Mac lowered his voice. He moved close and put his
hand on London’s knee. “Listen,” he said. “I guess we’re goin’ to lose this strike. But we raised enough hell so maybe there won’t be a strike in the cotton. Now the papers say we’re just causing trouble. But we’re getting the stiffs used to working together; getting bigger and bigger bunches working together all the time, see? It doesn’t make any difference if we lose. Here’s nearly a thousand men who’ve learned how to strike. When we get a whole slough of men working together, maybe—maybe Torgas Valley, most of it, won’t be owned by three men. Maybe a guy can get an apple for himself without going to jail for it, see? Maybe they won’t dump apples in the river to keep up the price. When guys like you and me need a apple to keep our God damn bowels open, see? You’ve got to look at the whole thing, London, not just this little strike.”
London was staring painfully at Mac’s mouth, as though he tried to see the words as they came out. “That’s kind of reva—revolution, ain’t it?”
“Sure it is. It’s a revolution against hunger and cold. The three guys that own this valley are going to raise hell to keep that land, and to keep dumping the apples to raise the price. A guy that thinks food ought to be eaten is a God damned red. D’you see that?”
London’s eyes were wide and dreaming. “I heard a lot of radical guys talkin’,” he said. “Never paid much attention. They always got mad. I ain’t got no faith in a mad guy. I never seen it the way you say it before, never.”
“Well, keep on seeing it, London. It’ll make you feel different. They say we play dirty, work underground. Did you ever think, London? We’ve got no guns. If anything happens to us, it don’t get in the newspapers. But if anything
happens to the other side, Jesus, they smear it in ink. We’ve got no money, and no weapons, so we’ve got to use our heads, London. See that? It’s like a man with a club fighting a squad with machine guns. The only way he can do it is to sneak up and smack the gunners from behind. Maybe that isn’t fair, but hell, London, this isn’t any athletic contest. There aren’t any rules a hungry man has to follow.”

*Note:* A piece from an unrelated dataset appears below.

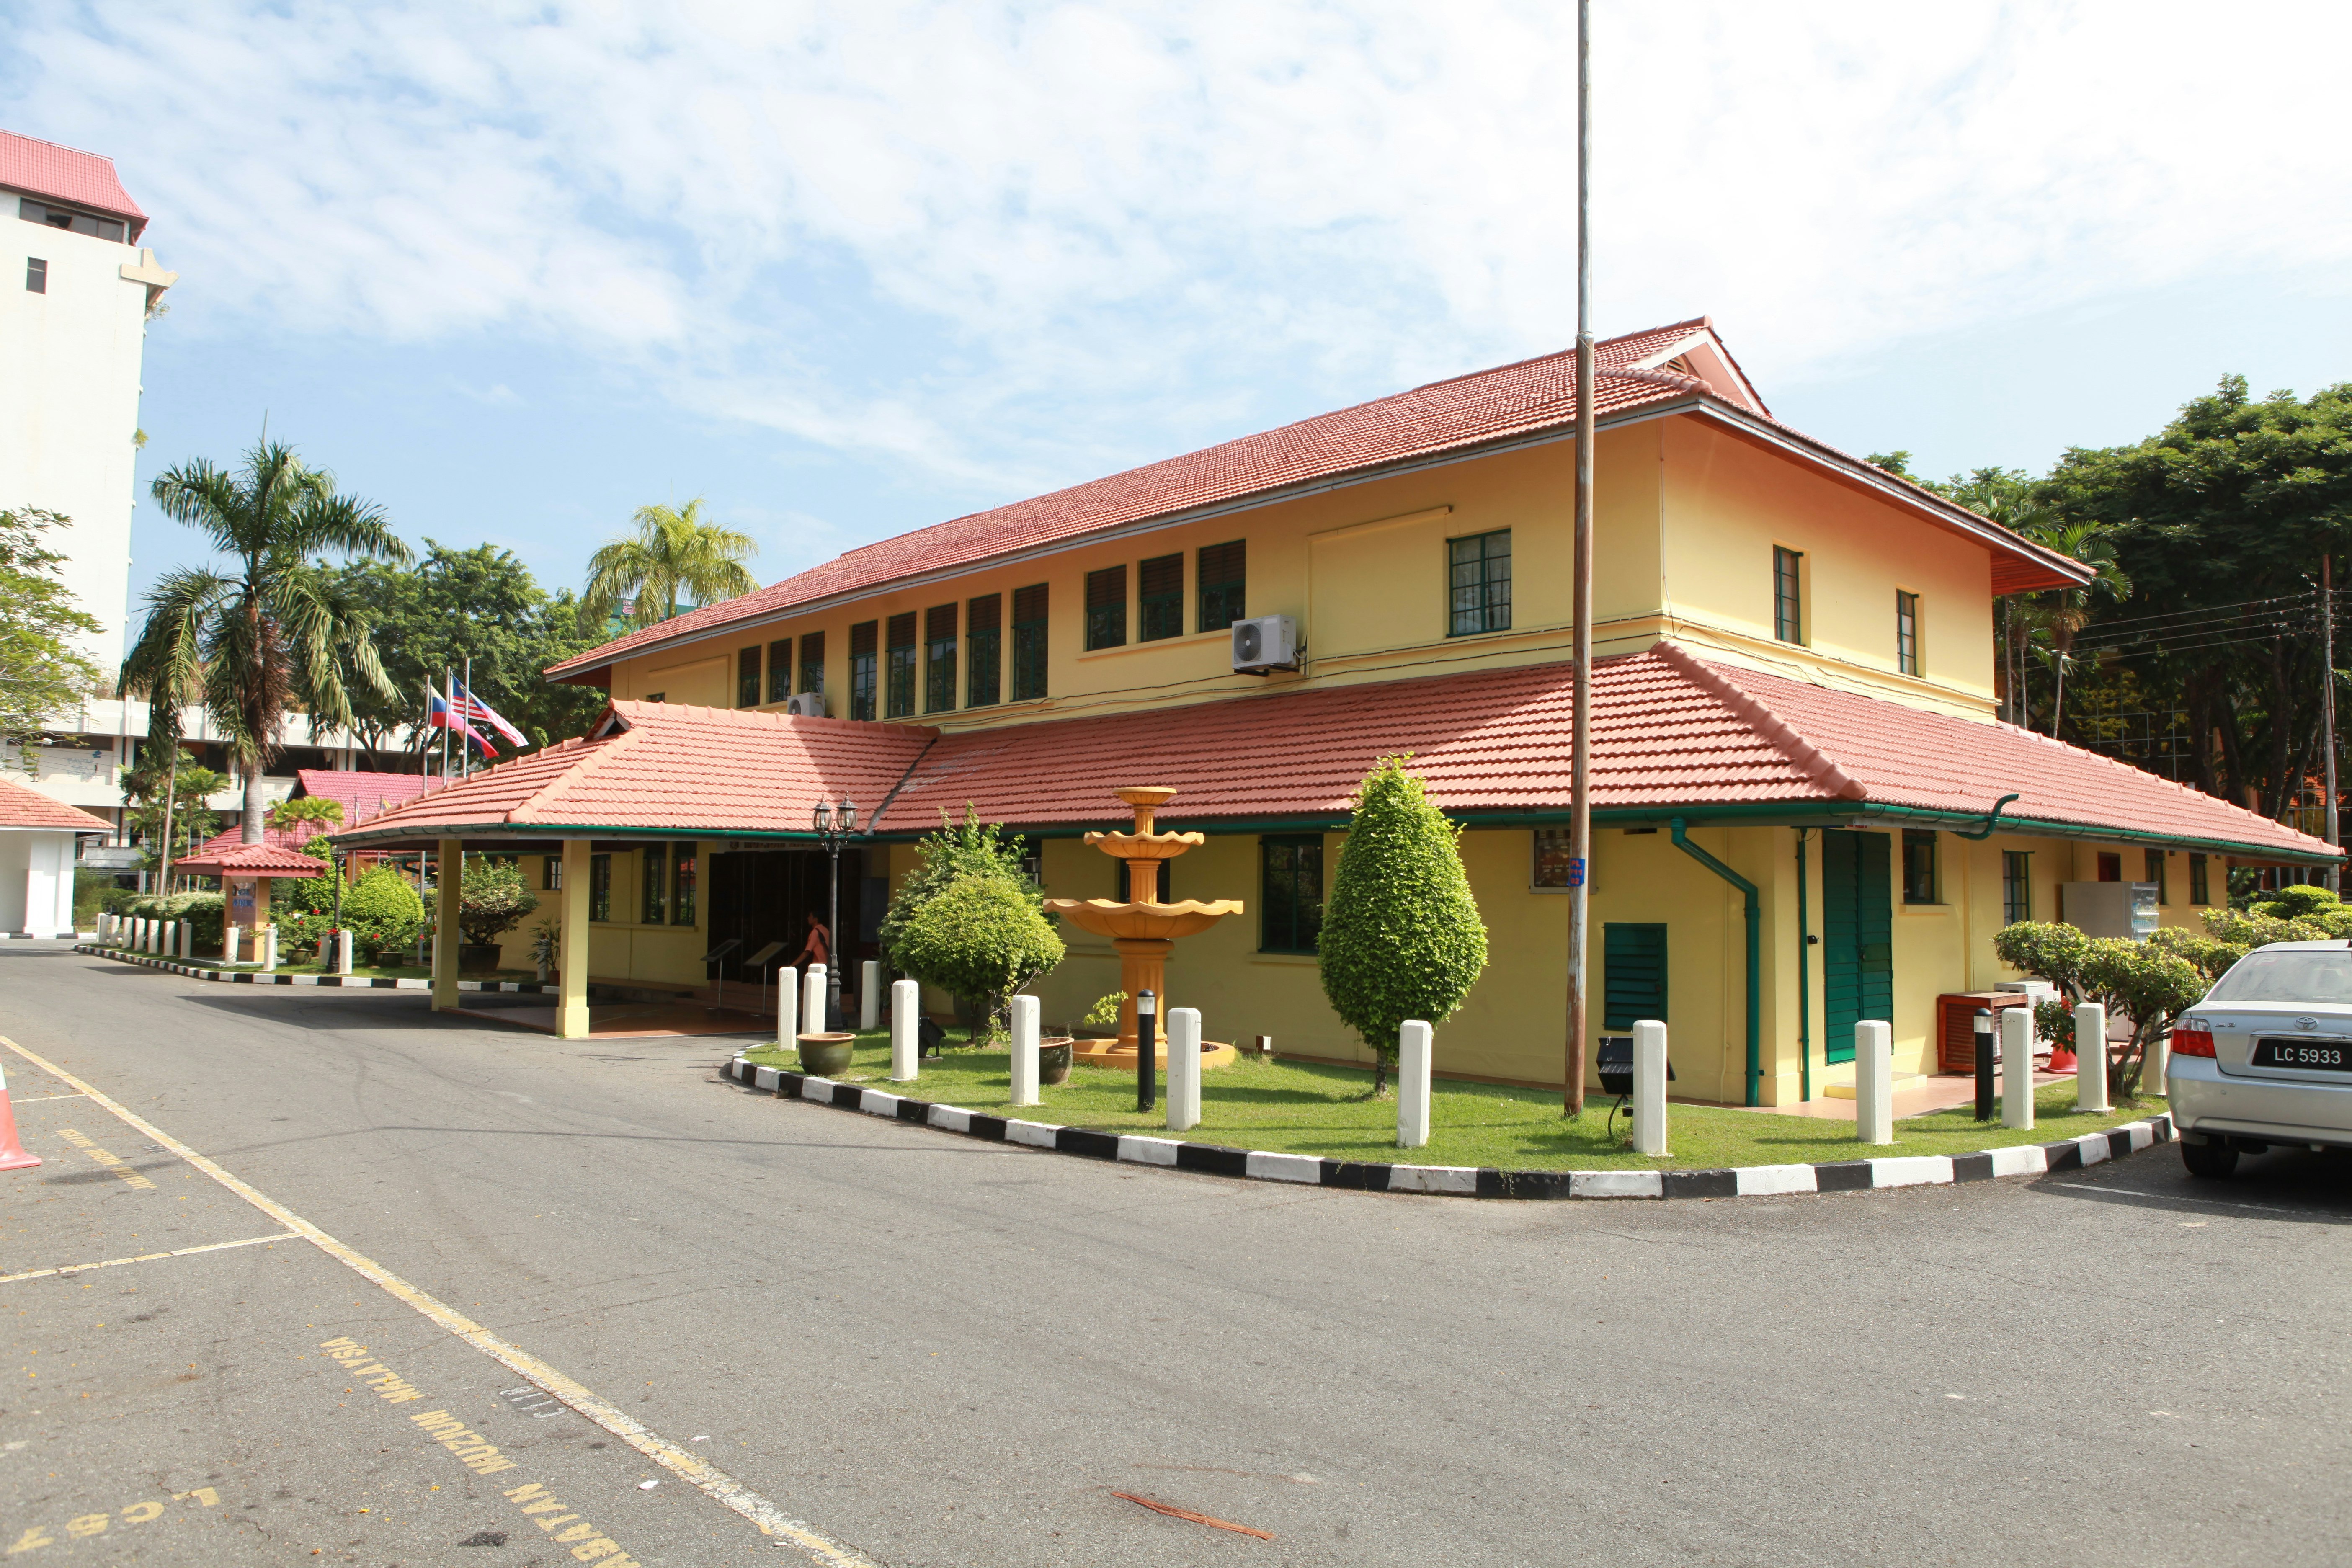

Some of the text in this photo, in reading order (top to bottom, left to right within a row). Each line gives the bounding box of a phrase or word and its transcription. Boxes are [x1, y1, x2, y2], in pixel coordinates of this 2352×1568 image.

[2275, 1047, 2342, 1064] LC 5933
[320, 1336, 425, 1403] MALAYSIA
[410, 1409, 518, 1475] MUZIUM

“I never seen it,” London said slowly. “Nobody never took time out to tell me. I like to see some of the guys that talk nice an’ quiet. Always, when I hear them, they’re mad. ‘God damn the cops,’ they say. ‘T’hell with the government.’ They’re goin’ to burn down the government buildings. I don’t like that, all them nice buildings. Nobody never told me about that other.”
“They didn’t use their heads, then,” said Mac.

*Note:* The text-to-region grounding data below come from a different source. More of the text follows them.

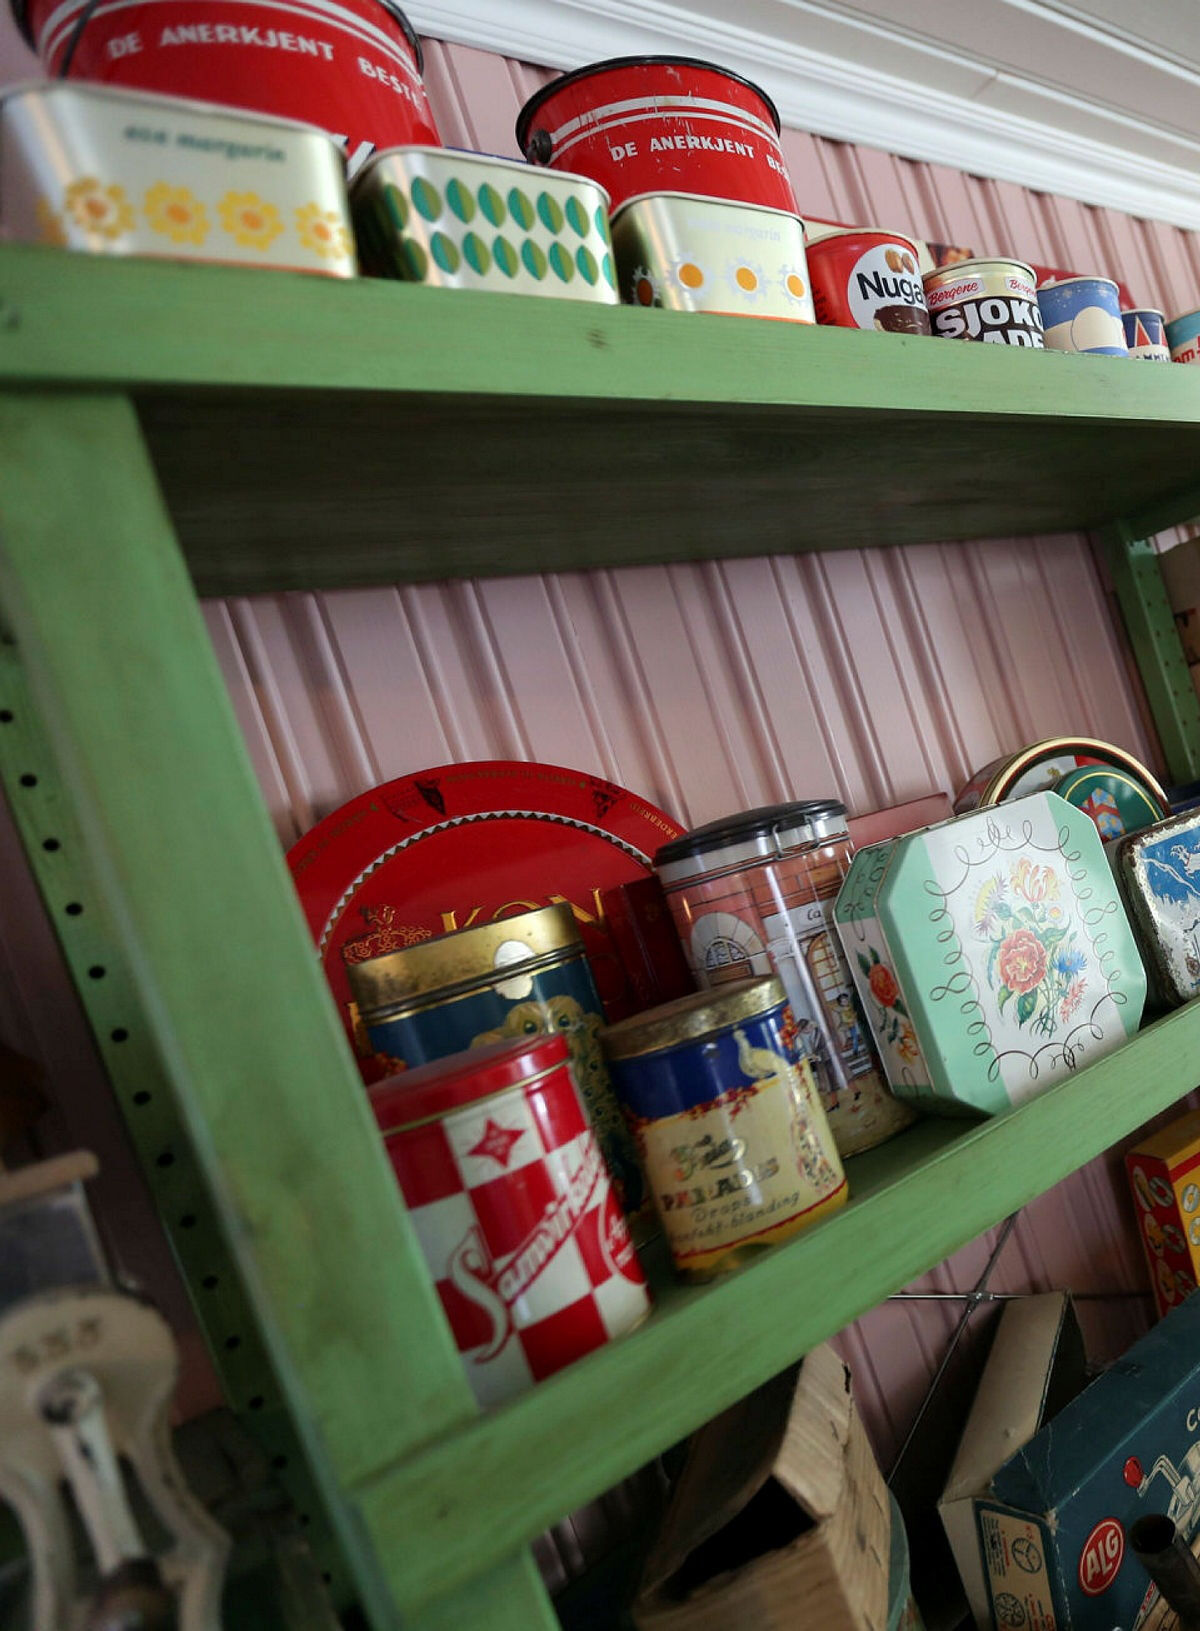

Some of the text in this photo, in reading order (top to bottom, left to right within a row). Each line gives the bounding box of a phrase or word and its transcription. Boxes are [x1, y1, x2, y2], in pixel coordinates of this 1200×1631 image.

[108, 31, 144, 60] DE
[159, 23, 335, 61] ANERKJENT
[610, 141, 639, 163] DE
[650, 135, 755, 160] ANERKJENT
[928, 281, 979, 306] Bergene
[1084, 1528, 1122, 1585] ALG

“Mac, you said you guessed we’d lose this strike. What makes you think like that?”
Mac considered. “No—” he said, as though to himself, “You wouldn’t pull out now. I’ll tell you why, London. Power in this valley is in very few hands. The guy that came out yesterday was trying to get us to quit. But now they know we won’t quit. The only thing left is to drive us out or to kill us off. We could stand ’em off a while if we had food and a doctor, and if Anderson would back us up. But Anderson’s sore. They’ll kick us out if they have to use cannons. Once they get a court order, they’ll kick us right out. Then where are we going to go? Can’t jungle up, because there’ll be ordinances. They’ll split us up, an’ beat us that way. Our guys aren’t any too strong as it is. I’m afraid we can’t get any more stuff to eat.”